**What is required:**
Quote, word for word, every line starting at the line that contains "Some of the words" and ending with the last line of the records; include both of these lines and no others.

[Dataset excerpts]
——

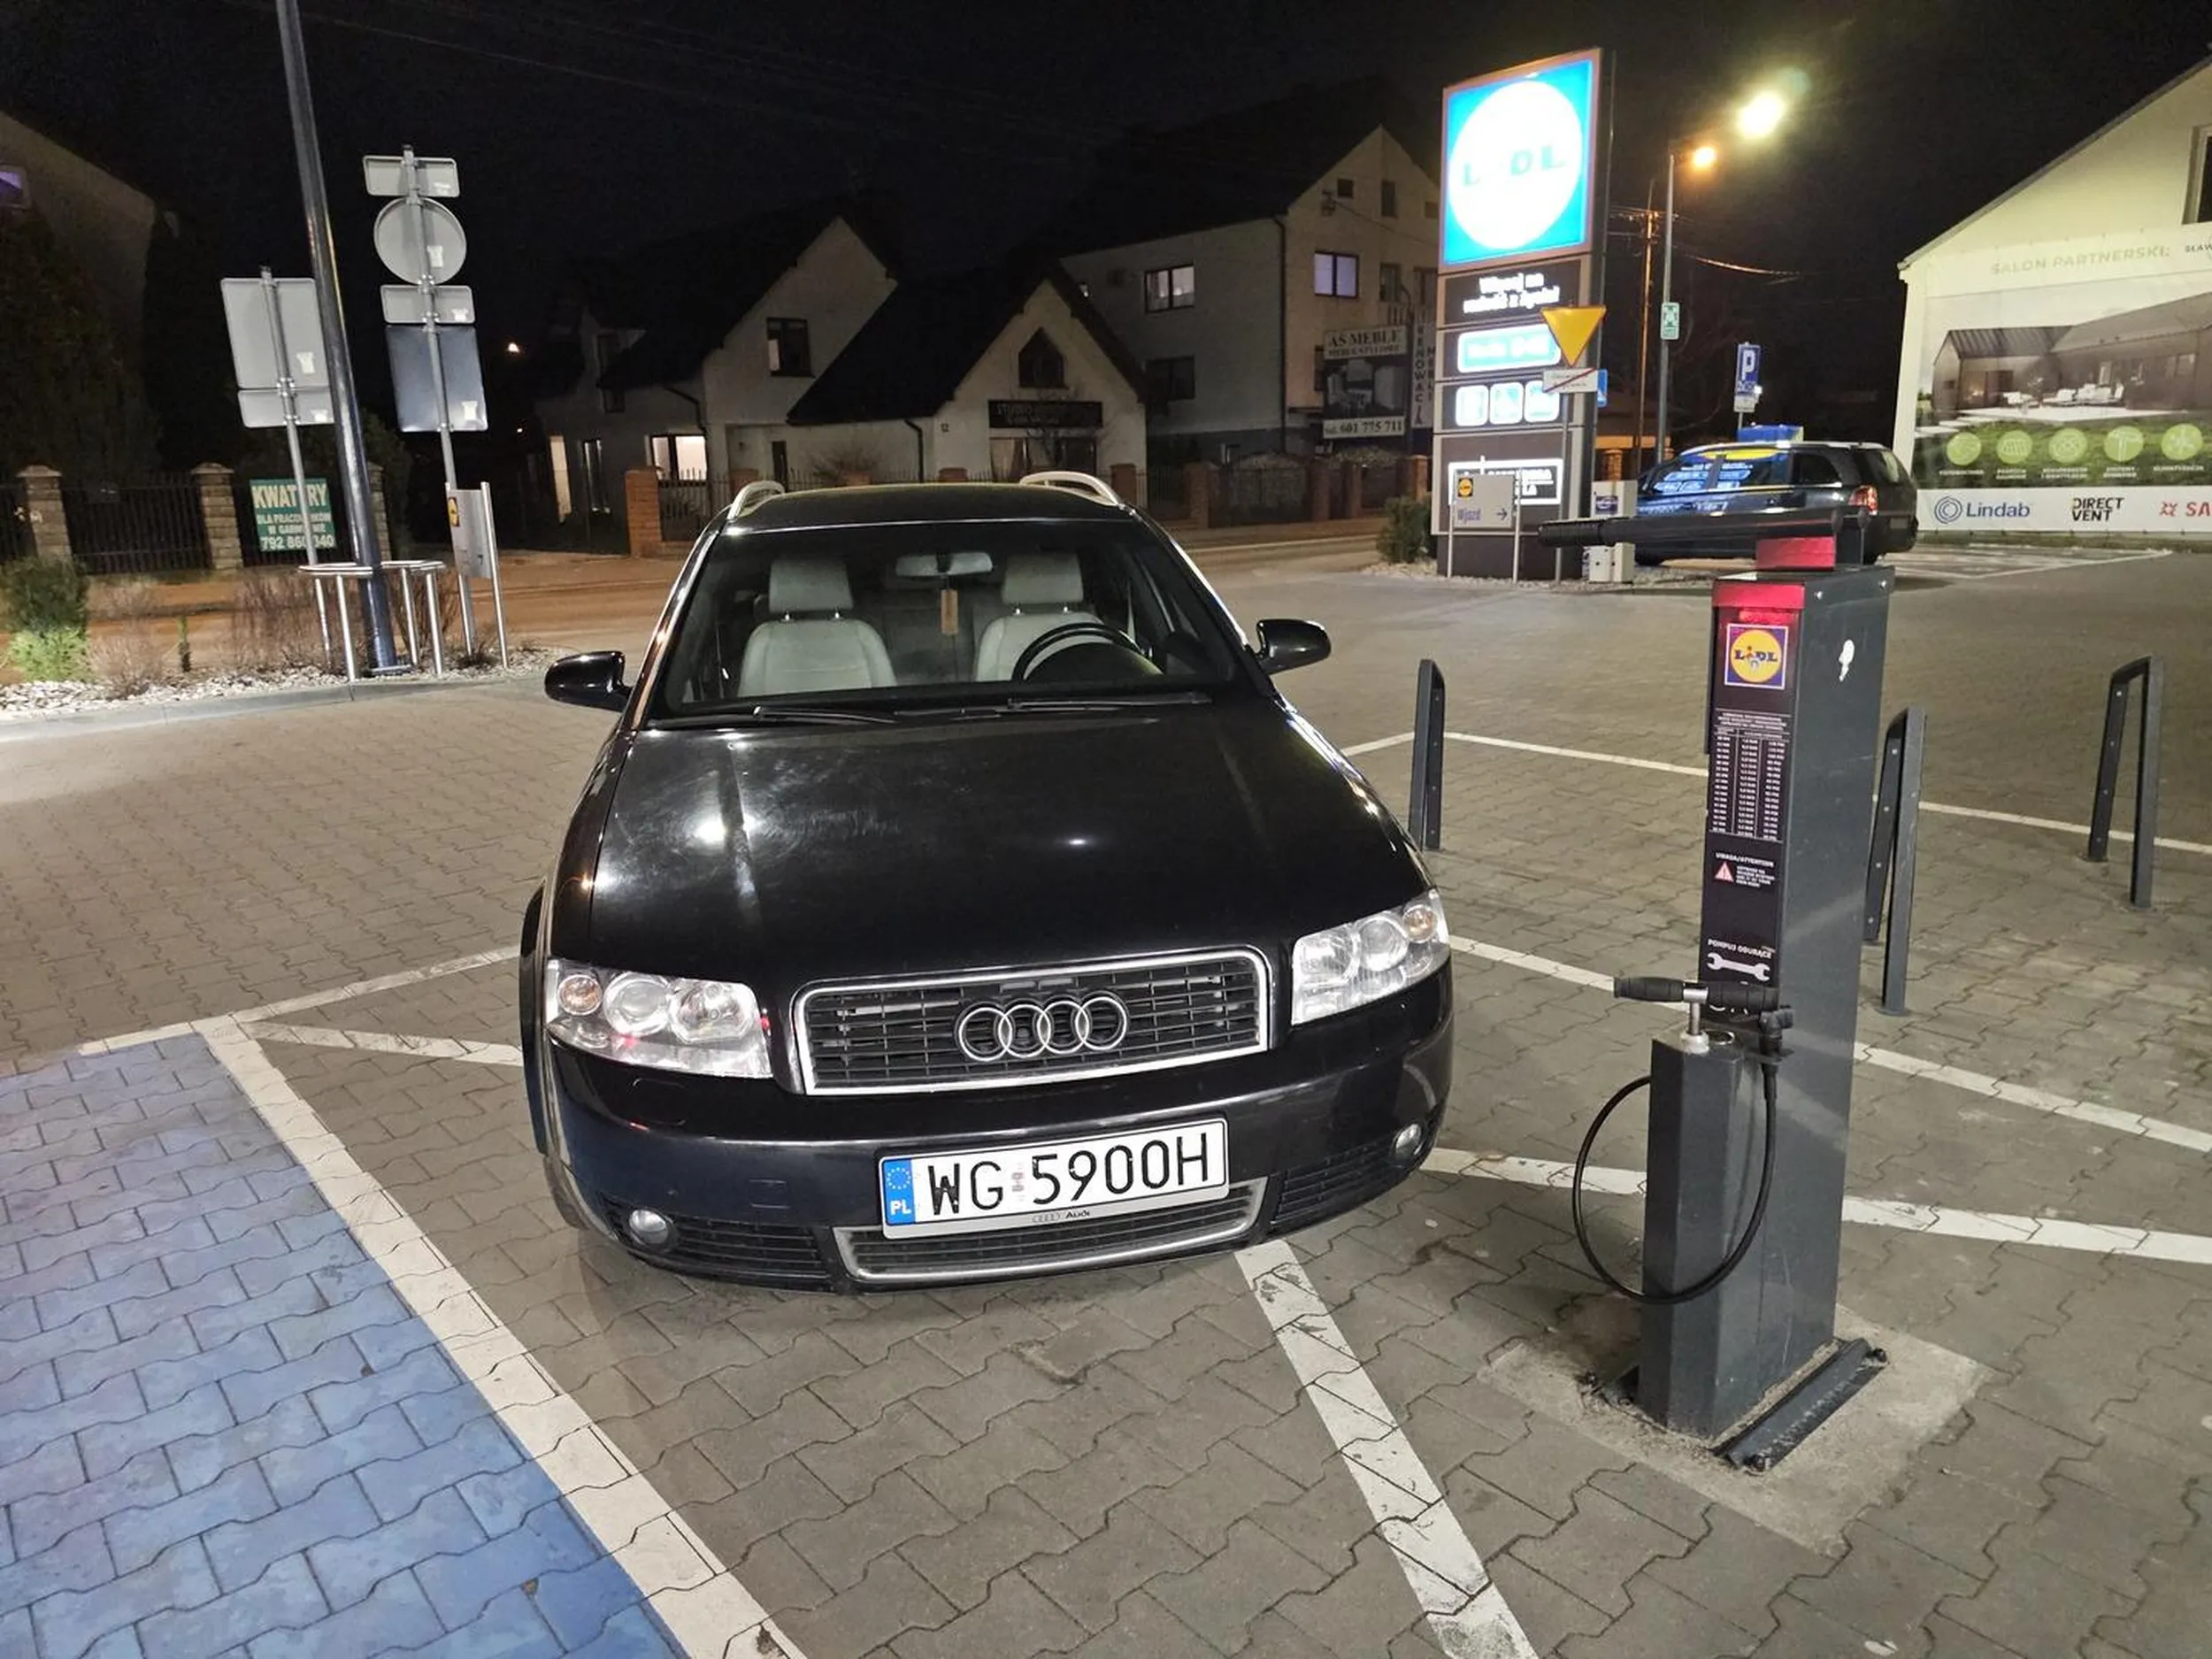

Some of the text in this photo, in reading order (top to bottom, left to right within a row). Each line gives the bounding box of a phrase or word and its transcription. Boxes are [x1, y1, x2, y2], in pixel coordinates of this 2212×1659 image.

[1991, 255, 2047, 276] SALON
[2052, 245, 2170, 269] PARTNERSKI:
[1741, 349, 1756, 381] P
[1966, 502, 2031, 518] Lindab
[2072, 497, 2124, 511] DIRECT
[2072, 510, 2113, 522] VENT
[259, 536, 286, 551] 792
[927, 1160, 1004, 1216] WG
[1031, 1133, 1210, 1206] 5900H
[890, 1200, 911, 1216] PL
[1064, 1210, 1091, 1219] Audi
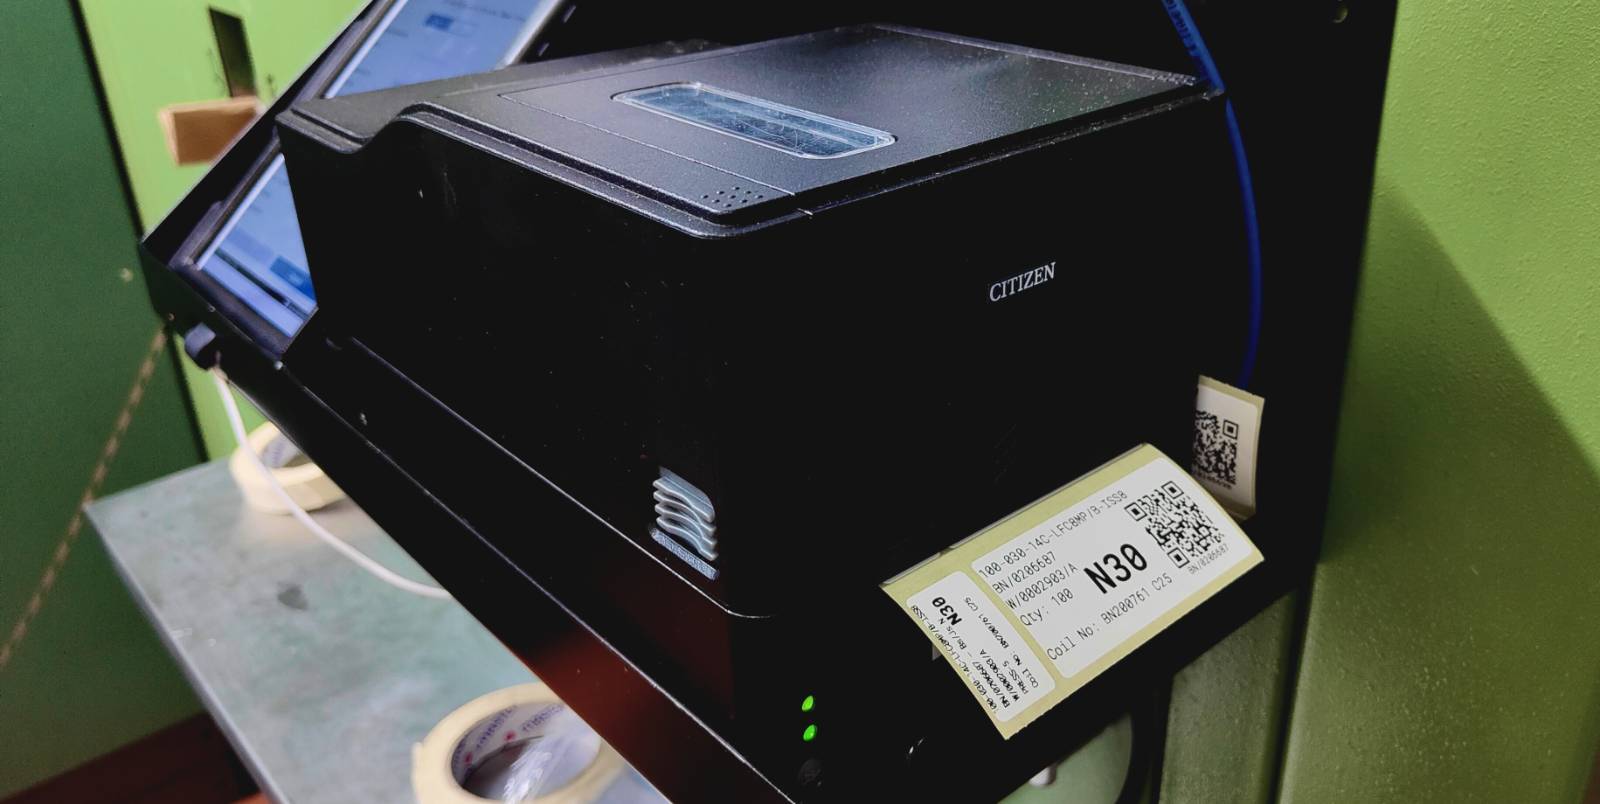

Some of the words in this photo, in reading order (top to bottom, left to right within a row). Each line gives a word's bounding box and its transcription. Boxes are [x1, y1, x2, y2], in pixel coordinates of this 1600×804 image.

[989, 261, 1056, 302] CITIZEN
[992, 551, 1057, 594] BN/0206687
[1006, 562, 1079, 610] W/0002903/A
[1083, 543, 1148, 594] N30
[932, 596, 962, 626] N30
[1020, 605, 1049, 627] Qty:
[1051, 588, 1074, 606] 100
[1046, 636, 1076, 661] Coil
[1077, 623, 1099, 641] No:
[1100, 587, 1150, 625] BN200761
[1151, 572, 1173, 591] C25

——

**Task result:**
Some of the words in this photo, in reading order (top to bottom, left to right within a row). Each line gives a word's bounding box and its transcription. Boxes are [x1, y1, x2, y2], in pixel coordinates of this 1600×804 image.

[989, 261, 1056, 302] CITIZEN
[992, 551, 1057, 594] BN/0206687
[1006, 562, 1079, 610] W/0002903/A
[1083, 543, 1148, 594] N30
[932, 596, 962, 626] N30
[1020, 605, 1049, 627] Qty:
[1051, 588, 1074, 606] 100
[1046, 636, 1076, 661] Coil
[1077, 623, 1099, 641] No:
[1100, 587, 1150, 625] BN200761
[1151, 572, 1173, 591] C25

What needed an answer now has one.